Always confusion with the transpose


in some layer with m units and n input values, we have a matrix w with the dimensions (m, n). For example, let us have 3 input values x and 4 units, then our matrix w for this layer has 4 rows and 3 columns.

Now when we multiply this matrix with the vector of the x values, we need to transpose the matrix w, so that the dimensions match with the x vector. (Actually, we are transposing the single elements w_i (for each unit i), which are vectors. But I think you know what I mean.)

My first problem is that it seems to be inconsistent how this is organised. IIRC, in the MLS it was just the other way round. Instead of transposing w, we transposed the x vector.

However, it would be more readable and understandable if we could avoid using the transpose operation at all. So why don’t we organise our w matrix right from the start the other way round? Do I oversee something?

Best regards

Hello @Matthias_Kleine,

DLS Notation check first. If you check out the Standard notations for Deep Learning.pdf downloadable in this post, you will find the definition for X and W are:

X \in \mathbb{R}^{n_x \times m} where n_x is the input size.
W^{[l]} \in \mathbb{R}^{n^{[l]} \times n^{[l-1]}} where n^{[l]} is the number of units in layer l

So when we multiply them together, we only need W^{[1]}X without any transpose.

You can also see this in the video below



what probably confuses me is that usually when I use Pandas, the single “data points” are organized as rows, and the single features are the columns.

For example in the Titanic data set, each single person is a row, and the attributes like “sex”, “age” asf. are the columns.

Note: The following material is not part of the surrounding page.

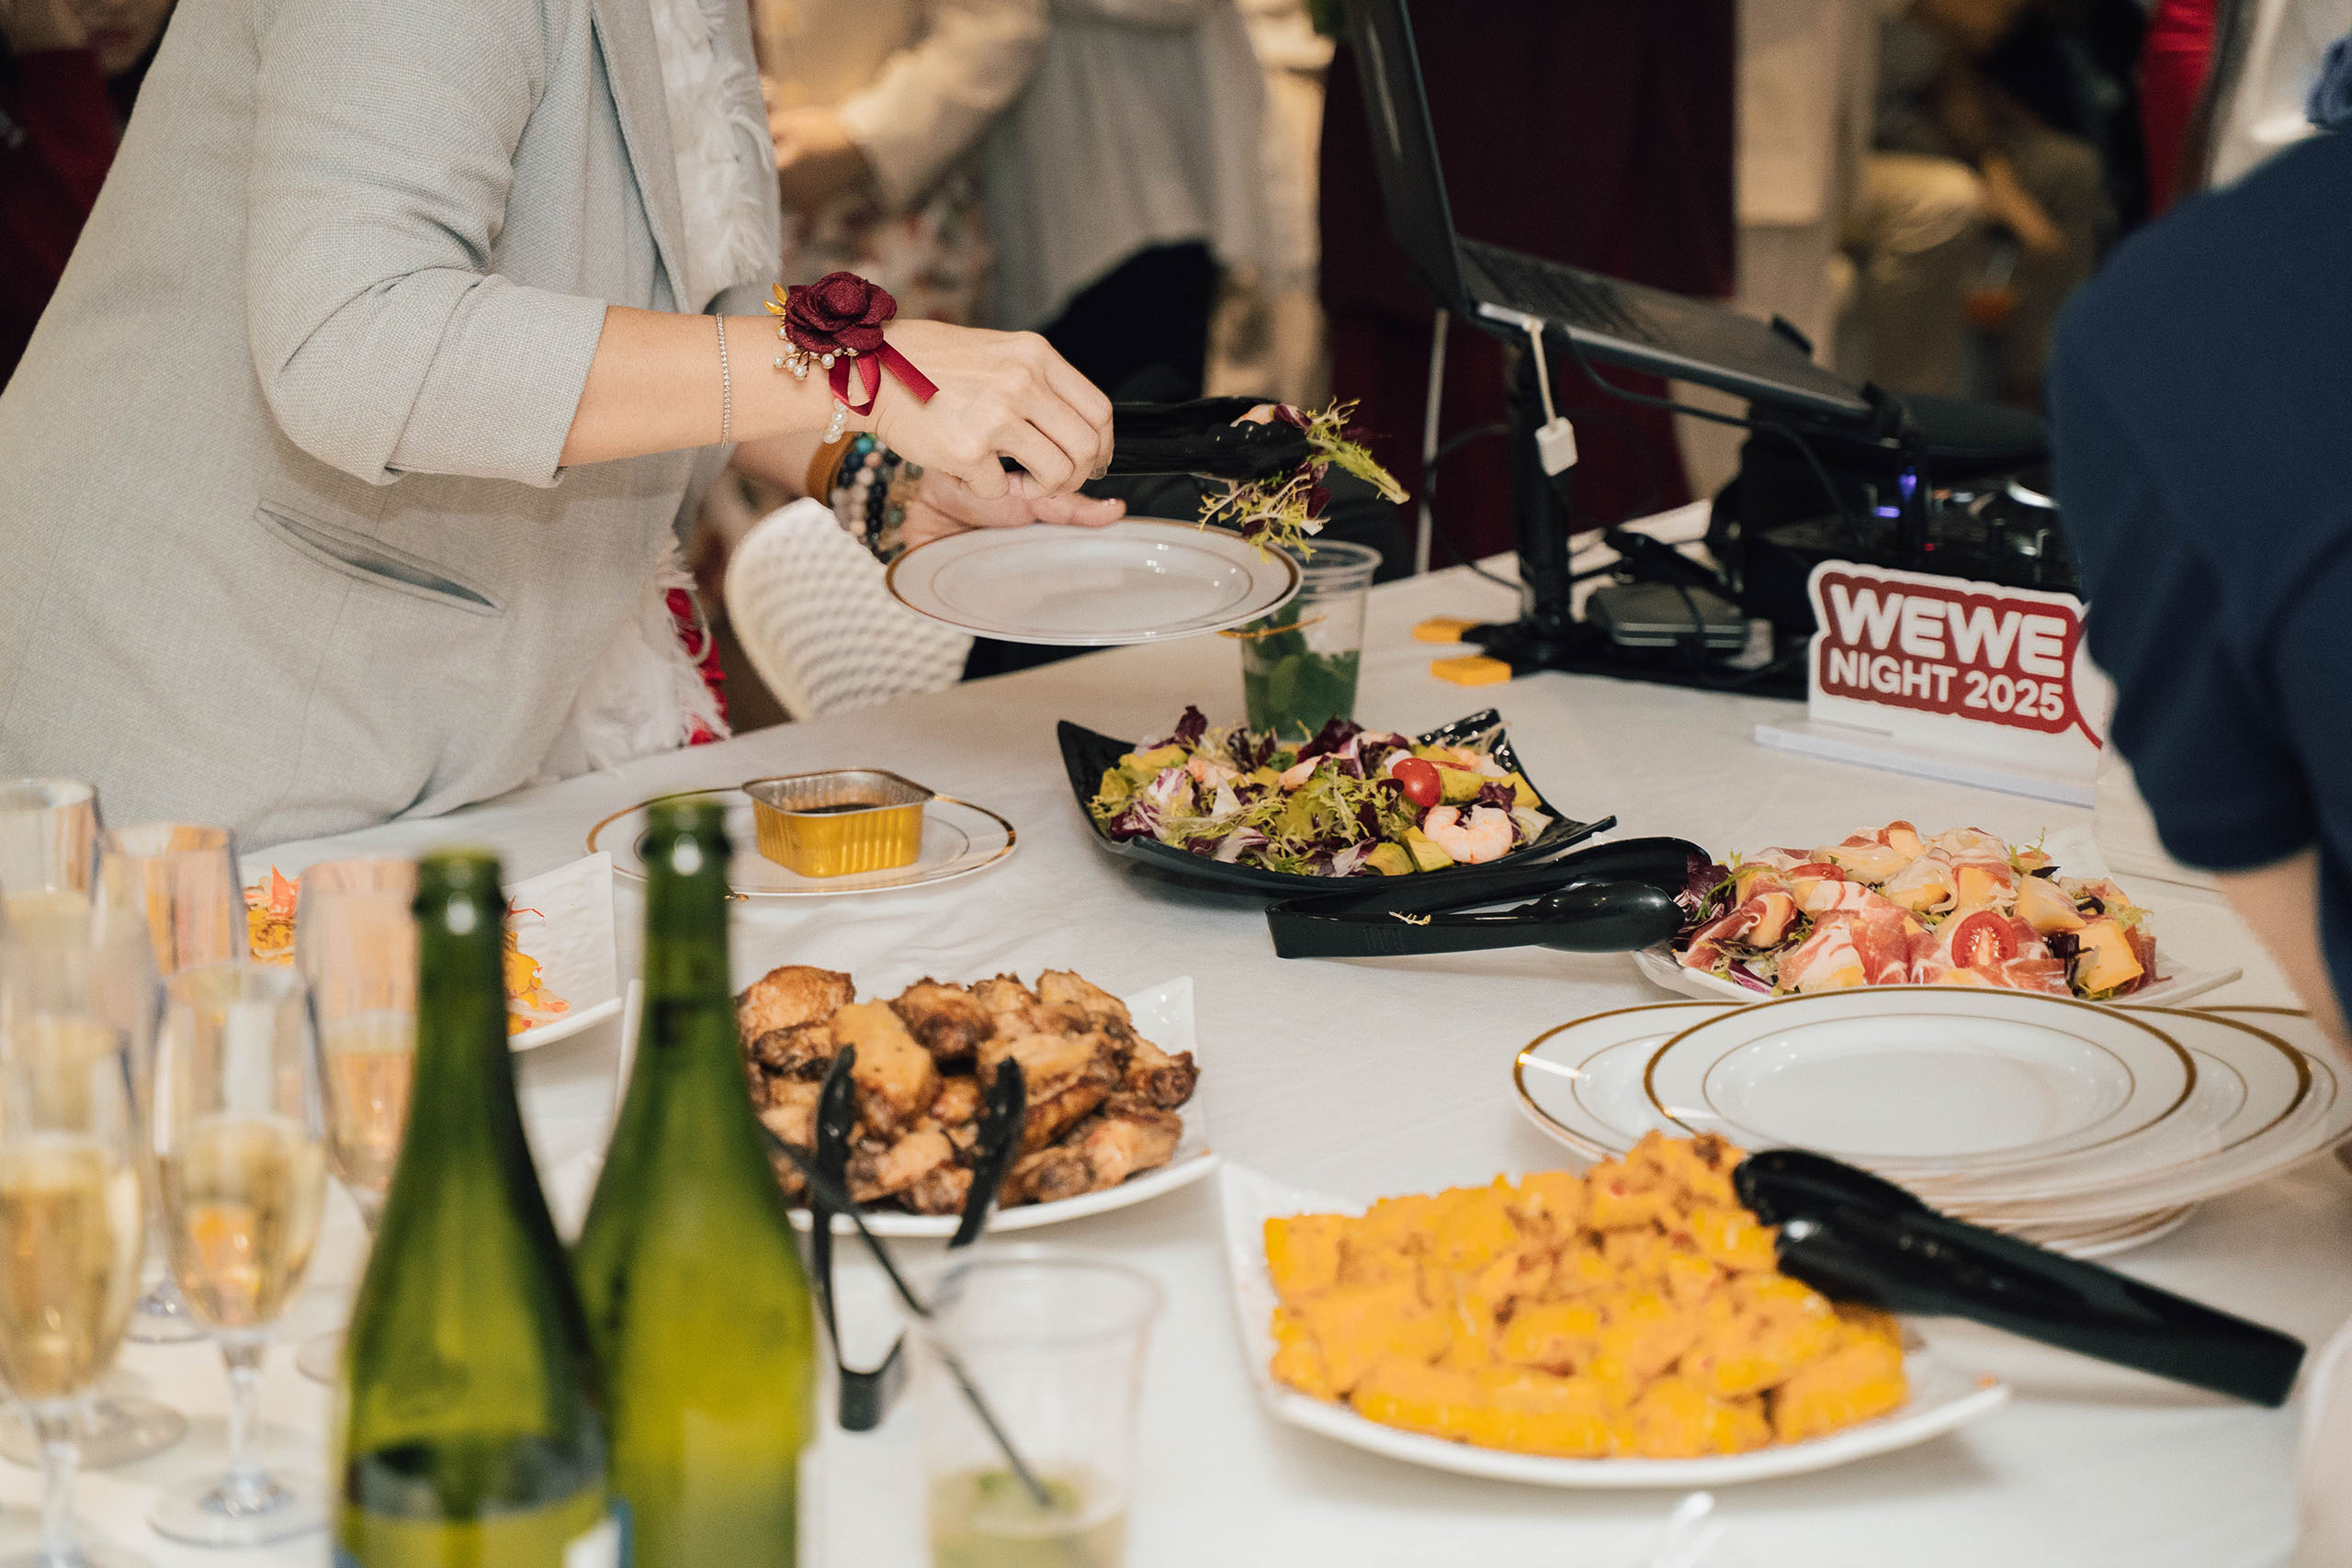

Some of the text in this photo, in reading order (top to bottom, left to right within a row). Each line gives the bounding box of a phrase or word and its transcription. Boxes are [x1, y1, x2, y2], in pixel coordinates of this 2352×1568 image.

But Andrew organises this just the other way round for the training samples:


Is there any special reason for this?

(The screenshot that you give above must be out of one of the future videos, which I didn’t view yet … could you add the video link?)

Best regards

Hello @Matthias_Kleine,

Here is the link. It’s in Course 1 Week 4.

Yes, it’s very common to have rows for samples and columns for features, so to adapt that kind of data to the DLS, my suggestion is to transpose your X once right before DLS-related code starts. Since I wasn’t in the discussion of deciding the notation, I can’t explain it. However, it is a valid notation and more importantly, it is the same and default notation in the DLS.


PS: Sounds like you are already playing with some data, and have fun with that :wink:

As Raymond says, all these decisions are just that: decisions. You can make them in different ways and, of course, lots of consequences flow from those decisions. Prof Ng is the boss here, so he gets to make the decisions and we just have to pay attention and understand the way he is defining everything.

When you finish the classes and start to do things on your own, then you can make your own decisions. But note that you probably will also be using packages and frameworks like Pandas, TensorFlow, PyTorch etc, so you have to understand the definitons of their various APIs. When you get to dealing with images, then in addition to the “samples” dimension, you also have to deal the position of the “channels” dimension. TF e.g. supports either “channels first” or “channels last” mode. Not sure whether PyTorch also allows the flexibility. If you stick around through DLS C4 to learn about ConvNets (highly recommended!), you’ll see that there Prof Ng switches to using “samples first” and “channels last” orientation, whereas he chooses “samples last” here in C1 and C2 when we are dealing with Feed Forward Networks.